The thing is, Grandma Kurnitz’s rigidity has taken its toll not only on her, but also on her children, each of whom, to one degree or another, is damaged merchandise. Louie, who has been skilled at stealing things since childhood, is a bagman for a few petty mobsters from whom he is now on the run. One girl, Gert (a persuasive Liba Vaynberg), “can’t speak properly,” Jay says. “She says the first half of a sentence while exhaling and the second half while inhaling”, a condition she has had since childhood as a result of a punitive act by her mother and which she only testifies to during her rare visits to Yonkers. Eddie, much to his mother’s chagrin, is known as the family whiner. Moreover, he stayed away from his mother while he turned his attention to his wife. As a result, Kurnitz incorrectly determined that her late stepdaughter had turned Eddie and the boys against her. And then there’s his other daughter Bella (Andrea Syglowski in an exquisitely rendered performance), who lives with her mother – takes care of her physical needs, runs the store, shops, cooks and spends her “free” time. At the movie theater.
Bella has the mind of a child in an adult body.
“Sometimes my mind wanders,” she tells Jay and Arty at one point. “Kids at school used to say, ‘Hey, Bella. Lost and Found called and said, ‘Come get your brain.’
“Bella was born of scarlet fever and she didn’t speak until she was five years old,” says Grandma Kurnitz. She treats Bella like a child because that’s how doctors characterized her in terms of mental and emotional growth. Bella is not without her own abilities, resources and strengths. Indeed, it’s his quick, impulsive, and empathetic thinking that, unlike his mother’s rejection of Eddie’s idea, makes Jay and Arty come to live in Yonkers after all.

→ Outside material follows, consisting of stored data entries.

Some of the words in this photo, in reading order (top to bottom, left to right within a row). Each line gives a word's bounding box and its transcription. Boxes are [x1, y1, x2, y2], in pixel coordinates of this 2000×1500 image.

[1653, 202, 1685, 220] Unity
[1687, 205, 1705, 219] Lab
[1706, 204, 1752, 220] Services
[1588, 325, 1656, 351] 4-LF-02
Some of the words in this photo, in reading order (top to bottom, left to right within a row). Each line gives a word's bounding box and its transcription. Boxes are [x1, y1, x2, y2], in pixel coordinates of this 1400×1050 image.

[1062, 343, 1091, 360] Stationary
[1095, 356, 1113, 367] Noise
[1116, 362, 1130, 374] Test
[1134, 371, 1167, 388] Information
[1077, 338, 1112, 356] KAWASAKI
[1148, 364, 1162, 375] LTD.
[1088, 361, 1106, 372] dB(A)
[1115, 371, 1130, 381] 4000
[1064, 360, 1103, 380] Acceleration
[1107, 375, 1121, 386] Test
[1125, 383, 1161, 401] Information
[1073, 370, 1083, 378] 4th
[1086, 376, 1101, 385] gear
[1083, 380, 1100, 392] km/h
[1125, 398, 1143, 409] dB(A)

Bella may be a bit “closed for repairs,” as Jay puts it, but she’s actually a fully grown 35-year-old woman with all the needs and wants of a fully grown 35-year-old woman – a family that is his away from his mother; a loving husband, children. She wants to be seen for who she really is; be heard; to be truly loved.

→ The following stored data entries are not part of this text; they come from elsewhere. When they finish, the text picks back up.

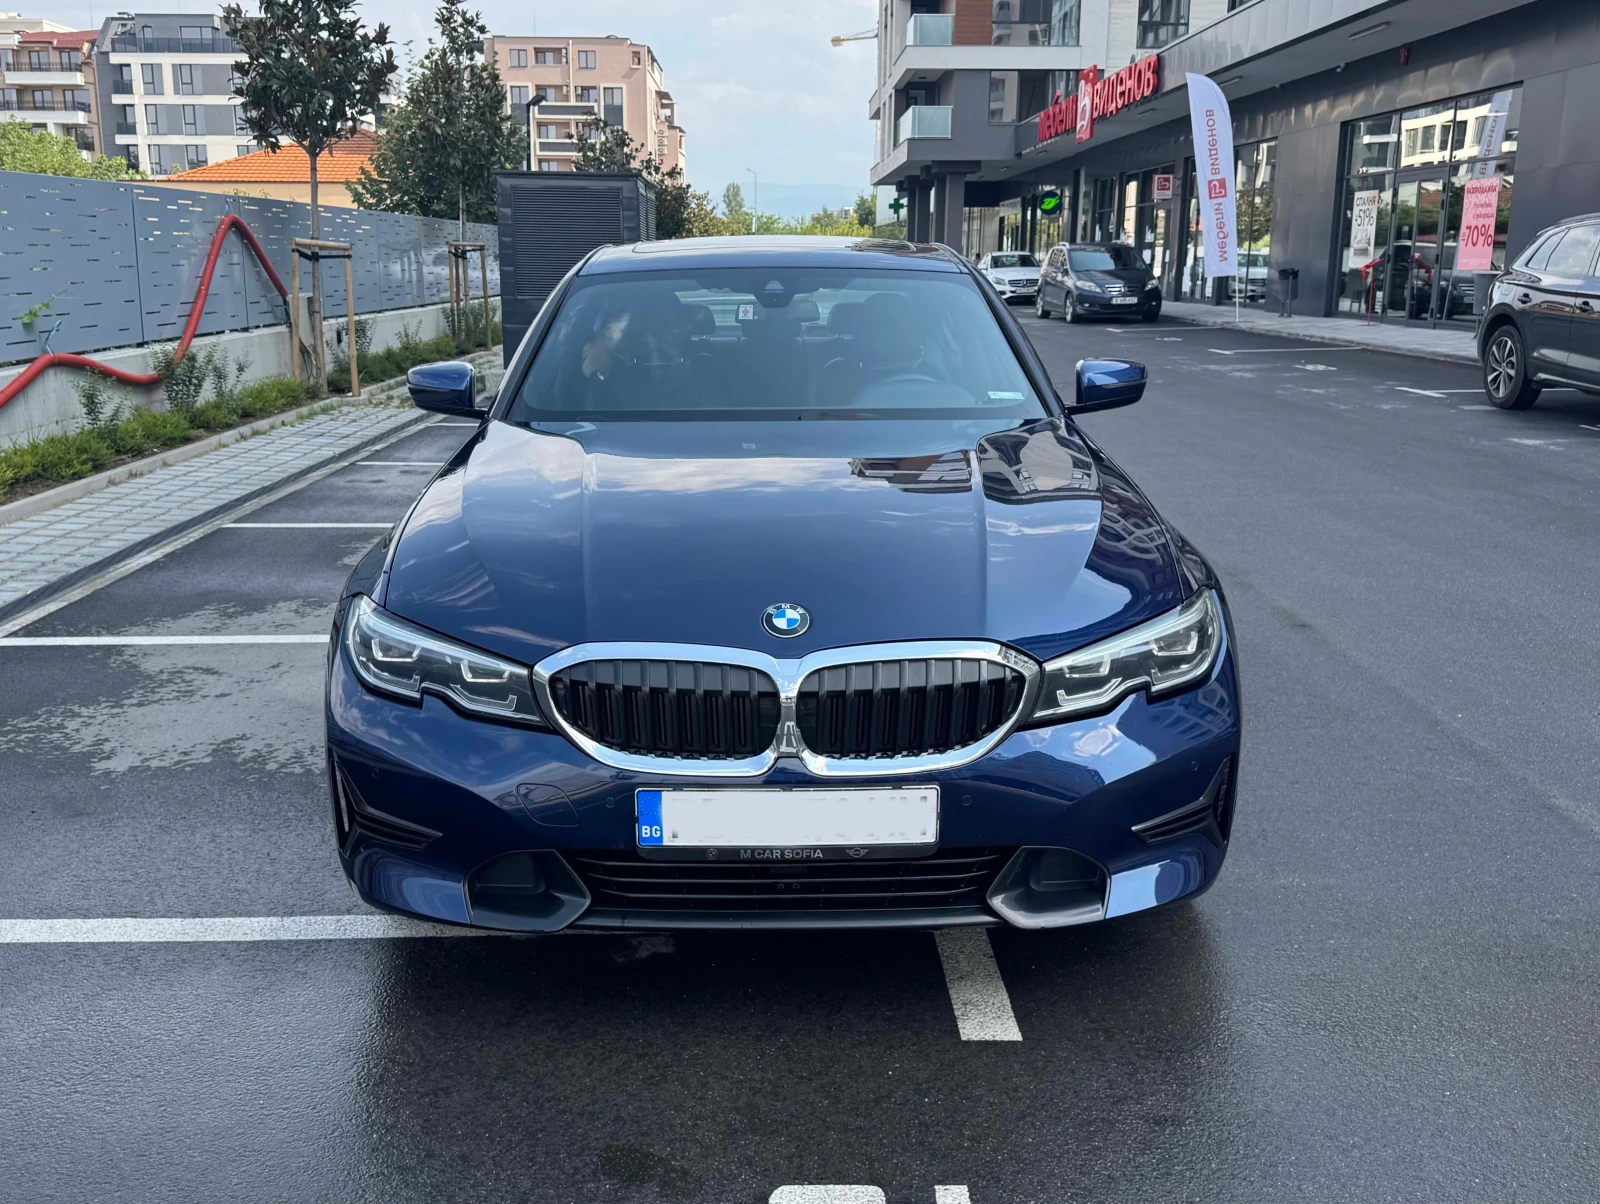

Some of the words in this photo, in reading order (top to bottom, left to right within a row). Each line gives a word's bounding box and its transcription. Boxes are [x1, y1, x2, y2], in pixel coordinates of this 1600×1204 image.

[1038, 89, 1079, 142] мебели
[1093, 54, 1159, 118] виденов
[1461, 223, 1493, 248] -70%
[768, 603, 805, 615] BMW
[641, 825, 661, 838] BG
[740, 849, 751, 859] M
[754, 849, 781, 859] CAR
[784, 849, 824, 859] SOFIA
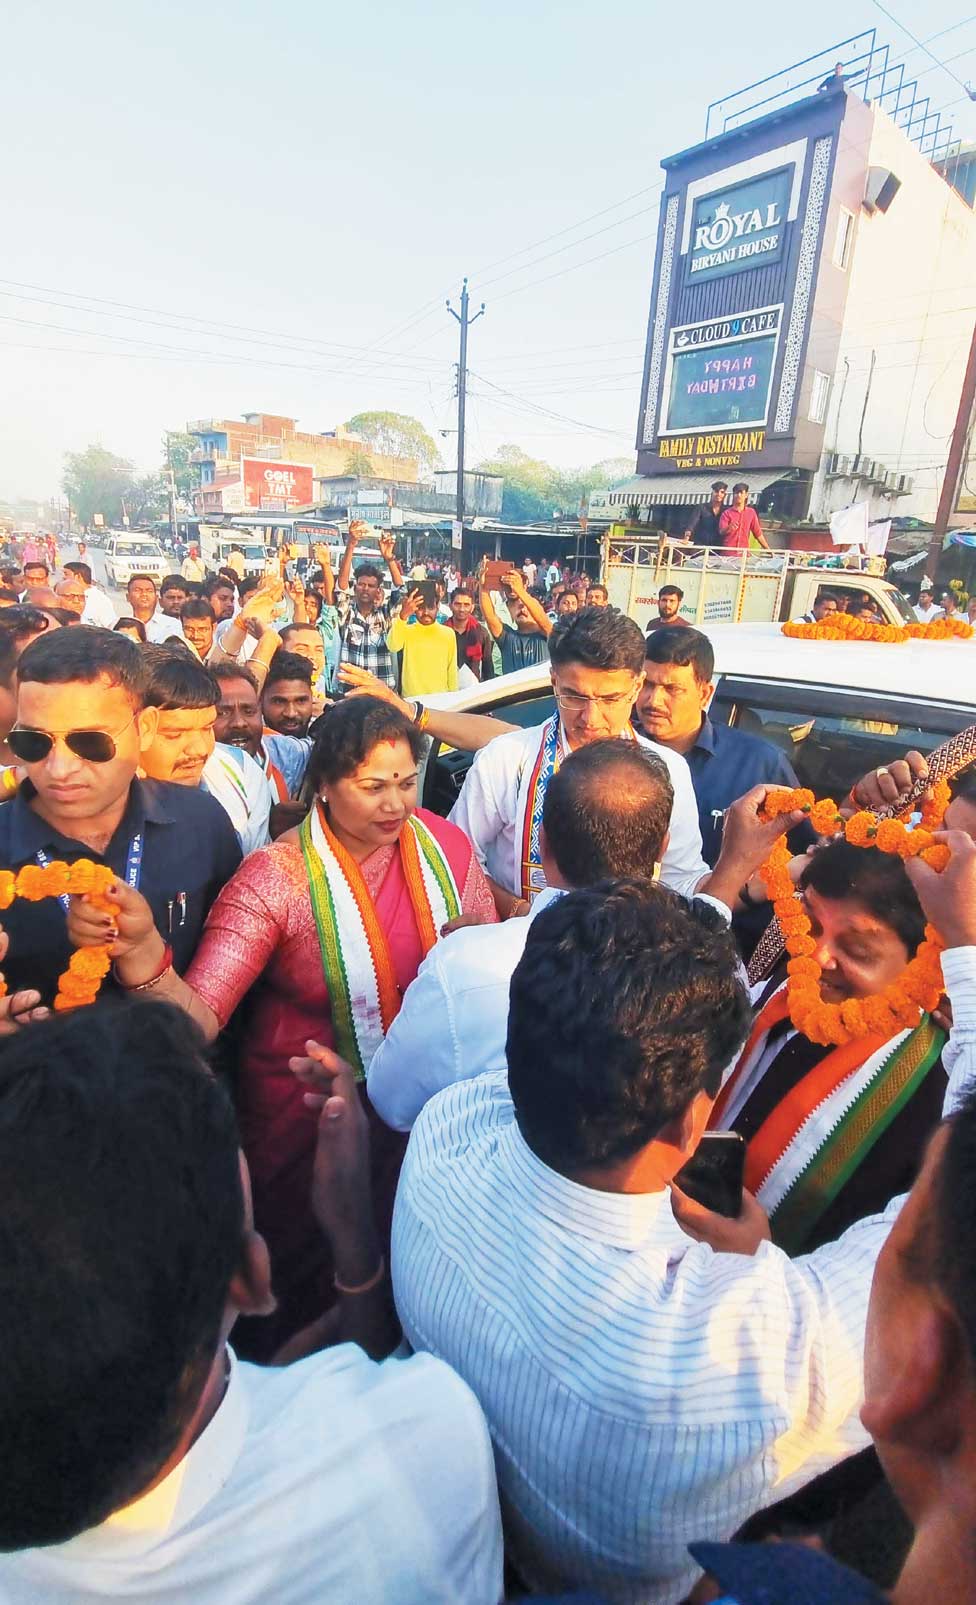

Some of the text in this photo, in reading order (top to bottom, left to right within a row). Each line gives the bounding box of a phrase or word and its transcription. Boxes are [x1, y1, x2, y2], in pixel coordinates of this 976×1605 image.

[693, 203, 780, 250] ROYAL
[691, 234, 779, 272] BIRYANI HOUSE
[690, 313, 775, 343] CLOUD 9 CAFE
[659, 431, 765, 458] FAMILY RESTAURANT
[676, 455, 740, 468] VEG & NONVEG
[264, 469, 296, 483] GOEL
[268, 483, 293, 496] TMT
[129, 868, 137, 887] OLICE

Bella is the beating heart of “Lost in Yonkers” and the unwavering soul, especially given Syglowski’s delicately crafted performance that is both luminous and unassuming. “Lost in Yonkers” is as much about Bella’s growth as it is about reflecting on family ties; how these bonds are tested in the absence of love.
Co-directed by Rachel Alderman and Mason, this production moves with clarity and purpose through the play’s largely self-explanatory first act.

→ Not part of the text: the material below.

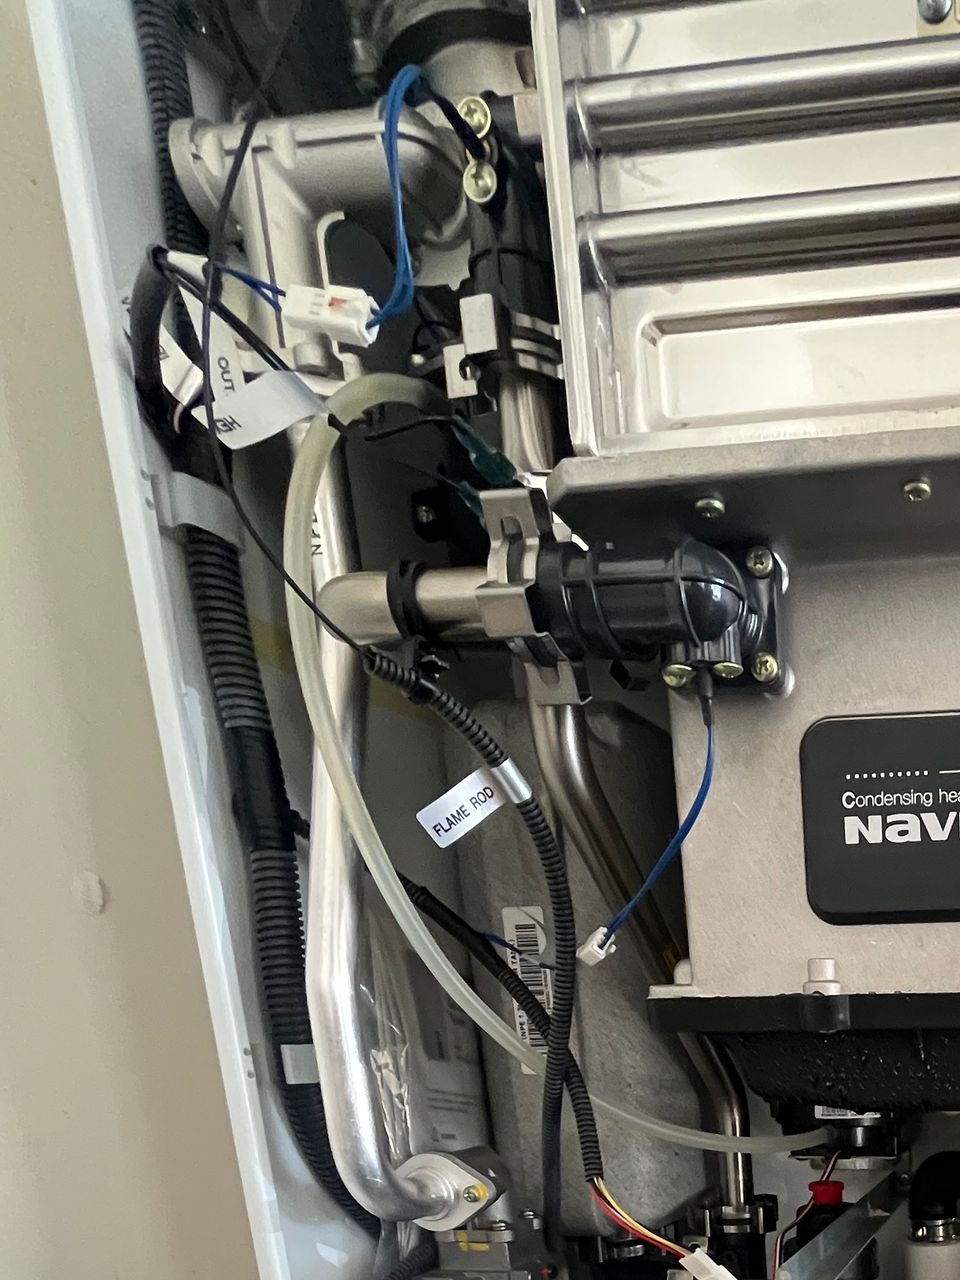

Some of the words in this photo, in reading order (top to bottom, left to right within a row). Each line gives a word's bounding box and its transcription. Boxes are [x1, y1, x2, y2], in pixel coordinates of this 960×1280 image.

[217, 356, 236, 392] OUT
[432, 804, 471, 837] FLAME
[469, 786, 494, 810] ROD
[842, 788, 933, 809] Condensing

The dramatic fireworks come in the second act, especially a revealing opening scene between Louis and the boys; a funny and touching scene in which Bella gathers the whole family around her for an important announcement about her future; and building inexorably toward a consequent and inevitable, if you will, settling of scores between Bella and her mother.
Except for a slightly melodramatic touch with the lighting leading up to and including Mason’s first entrance in the first act, Alderman and Mason applied a delicate touch to their directing. They capture the nuances and rhythm of the play and manage to forge within their cast an authentic sense of family.
“The only thing that keeps me going is knowing that you are with my family. Thank goodness you are in good hands,” Eddie wrote to his sons in one of his letters from the road.
Simon’s work is called “Lost in Yonkers”. Ultimately, this piece is about what was found.